カテゴリ:エレクトロニクス インテリア 日用品 絶滅倶楽部
月の光を月影という我が国の文化
・「日本のあかり博物館」という灯火・照明の道具を集めた博物館が、栗と北斎で知られる長野の小布施にあります。あかりの歴史を辿ると、菜種油の灯明、ろうそく、行灯、灯油ランプ、ガスライトそして電気の電球から、最新のLEDに至ります。
・"月影のいたらぬ里はなけれども 眺むる人の心にぞすむ"と詠んだのは浄土宗の法然上人。古来日本人は月の光を月影といい、直接光より、反射光や透過光に美を見出しています。
・障子越しの光や月影を愛でる‥‥この奥ゆかしさこそ日本人の美意識と指摘したのが「陰翳礼讃」という随筆を著した谷崎潤一郎ですが、「白熱球の電球より蝋燭の灯での食事こそ和食の器、漆器の美しさを際立たせる」と書きます。
青空文庫 谷崎潤一郎「陰翳礼讃」
https://www.aozora.gr.jp/cards/001383/files/56642_59575.html
・エレキからLEDに至って、より明るくより省エネになりましたが、なにか足りない気がします。

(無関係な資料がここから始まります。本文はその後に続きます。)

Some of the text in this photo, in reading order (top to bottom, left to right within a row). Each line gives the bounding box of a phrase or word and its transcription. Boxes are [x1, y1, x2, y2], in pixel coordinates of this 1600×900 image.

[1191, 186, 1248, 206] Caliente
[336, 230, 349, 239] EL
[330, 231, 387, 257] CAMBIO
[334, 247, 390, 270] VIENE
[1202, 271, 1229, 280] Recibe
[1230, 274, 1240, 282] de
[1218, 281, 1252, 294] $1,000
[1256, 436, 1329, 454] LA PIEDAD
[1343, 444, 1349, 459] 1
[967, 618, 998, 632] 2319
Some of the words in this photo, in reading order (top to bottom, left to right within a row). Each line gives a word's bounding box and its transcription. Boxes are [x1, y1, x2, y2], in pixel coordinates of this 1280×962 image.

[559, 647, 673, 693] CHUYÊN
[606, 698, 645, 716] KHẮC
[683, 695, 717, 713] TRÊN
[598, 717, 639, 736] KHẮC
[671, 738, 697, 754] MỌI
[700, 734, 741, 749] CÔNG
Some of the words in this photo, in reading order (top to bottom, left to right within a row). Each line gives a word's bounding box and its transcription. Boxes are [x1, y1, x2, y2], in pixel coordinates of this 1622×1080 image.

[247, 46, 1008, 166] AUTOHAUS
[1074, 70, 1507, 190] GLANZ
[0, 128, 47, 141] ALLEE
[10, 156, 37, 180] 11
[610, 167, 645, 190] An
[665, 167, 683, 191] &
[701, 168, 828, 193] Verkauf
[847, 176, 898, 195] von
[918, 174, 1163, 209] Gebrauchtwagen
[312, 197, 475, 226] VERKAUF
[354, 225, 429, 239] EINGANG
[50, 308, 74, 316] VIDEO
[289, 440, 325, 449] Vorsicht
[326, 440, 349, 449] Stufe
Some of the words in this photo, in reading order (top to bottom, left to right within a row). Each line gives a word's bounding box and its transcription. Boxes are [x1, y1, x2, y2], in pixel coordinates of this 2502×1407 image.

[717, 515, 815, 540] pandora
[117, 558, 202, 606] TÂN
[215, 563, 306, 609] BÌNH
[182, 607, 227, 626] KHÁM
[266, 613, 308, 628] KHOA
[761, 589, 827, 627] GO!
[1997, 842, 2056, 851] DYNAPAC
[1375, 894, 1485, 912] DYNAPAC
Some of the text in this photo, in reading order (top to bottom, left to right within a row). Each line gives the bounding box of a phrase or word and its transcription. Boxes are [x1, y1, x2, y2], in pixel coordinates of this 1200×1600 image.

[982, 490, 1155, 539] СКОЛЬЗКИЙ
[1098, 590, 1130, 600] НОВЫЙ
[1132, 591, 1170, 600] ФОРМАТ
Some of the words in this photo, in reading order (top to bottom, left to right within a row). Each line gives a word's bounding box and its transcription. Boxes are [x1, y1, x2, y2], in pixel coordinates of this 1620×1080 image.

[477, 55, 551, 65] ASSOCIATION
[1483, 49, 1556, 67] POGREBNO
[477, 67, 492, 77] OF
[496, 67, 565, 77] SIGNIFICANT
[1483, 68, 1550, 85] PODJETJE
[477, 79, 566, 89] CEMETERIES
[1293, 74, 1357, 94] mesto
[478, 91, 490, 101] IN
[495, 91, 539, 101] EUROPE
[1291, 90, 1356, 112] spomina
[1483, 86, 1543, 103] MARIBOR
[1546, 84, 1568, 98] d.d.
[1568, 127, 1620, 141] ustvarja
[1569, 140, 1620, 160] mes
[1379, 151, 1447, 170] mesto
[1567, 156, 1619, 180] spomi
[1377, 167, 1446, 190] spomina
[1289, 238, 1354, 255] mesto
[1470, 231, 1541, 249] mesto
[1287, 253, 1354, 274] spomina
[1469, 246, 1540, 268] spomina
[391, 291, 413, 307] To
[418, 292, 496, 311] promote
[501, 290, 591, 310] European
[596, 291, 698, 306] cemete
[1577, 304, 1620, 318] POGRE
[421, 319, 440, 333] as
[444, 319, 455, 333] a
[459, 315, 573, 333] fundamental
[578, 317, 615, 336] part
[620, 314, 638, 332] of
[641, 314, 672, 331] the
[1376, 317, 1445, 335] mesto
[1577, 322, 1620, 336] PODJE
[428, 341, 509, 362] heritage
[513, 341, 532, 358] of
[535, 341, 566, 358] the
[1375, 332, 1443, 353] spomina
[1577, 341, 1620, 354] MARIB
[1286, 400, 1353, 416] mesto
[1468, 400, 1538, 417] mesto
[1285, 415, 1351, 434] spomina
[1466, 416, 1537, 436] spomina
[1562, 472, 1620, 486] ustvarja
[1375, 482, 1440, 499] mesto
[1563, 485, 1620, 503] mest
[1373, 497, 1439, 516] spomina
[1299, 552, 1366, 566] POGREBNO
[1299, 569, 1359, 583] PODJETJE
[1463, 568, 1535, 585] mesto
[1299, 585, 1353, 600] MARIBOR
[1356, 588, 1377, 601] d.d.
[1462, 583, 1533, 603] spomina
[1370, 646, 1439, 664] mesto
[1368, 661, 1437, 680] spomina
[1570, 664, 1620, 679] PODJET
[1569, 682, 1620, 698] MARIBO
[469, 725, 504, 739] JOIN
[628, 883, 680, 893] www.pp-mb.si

それはたぶん自然光にある"揺らぎ"がないからでは。人間は常に揺らいでいます。
・ろうそくや石油ランプにあった揺らぎ‥‥それをLEDで再現したというのがバルミューダのランタンです。高さ25cm×11cm、630g、生活防水。15180円。
https://www.balmuda.com/jp/lantern/
・スイッチを回すと暖色から白色へと無段階で変化していきますが、ゆっくり回していくと赤から橙色に変わるところで、光が瞬くようになります。かなり微妙で、もう少しろうそくのようにはっきり揺らいでくれるといいのですが(動画は以下のサイト)。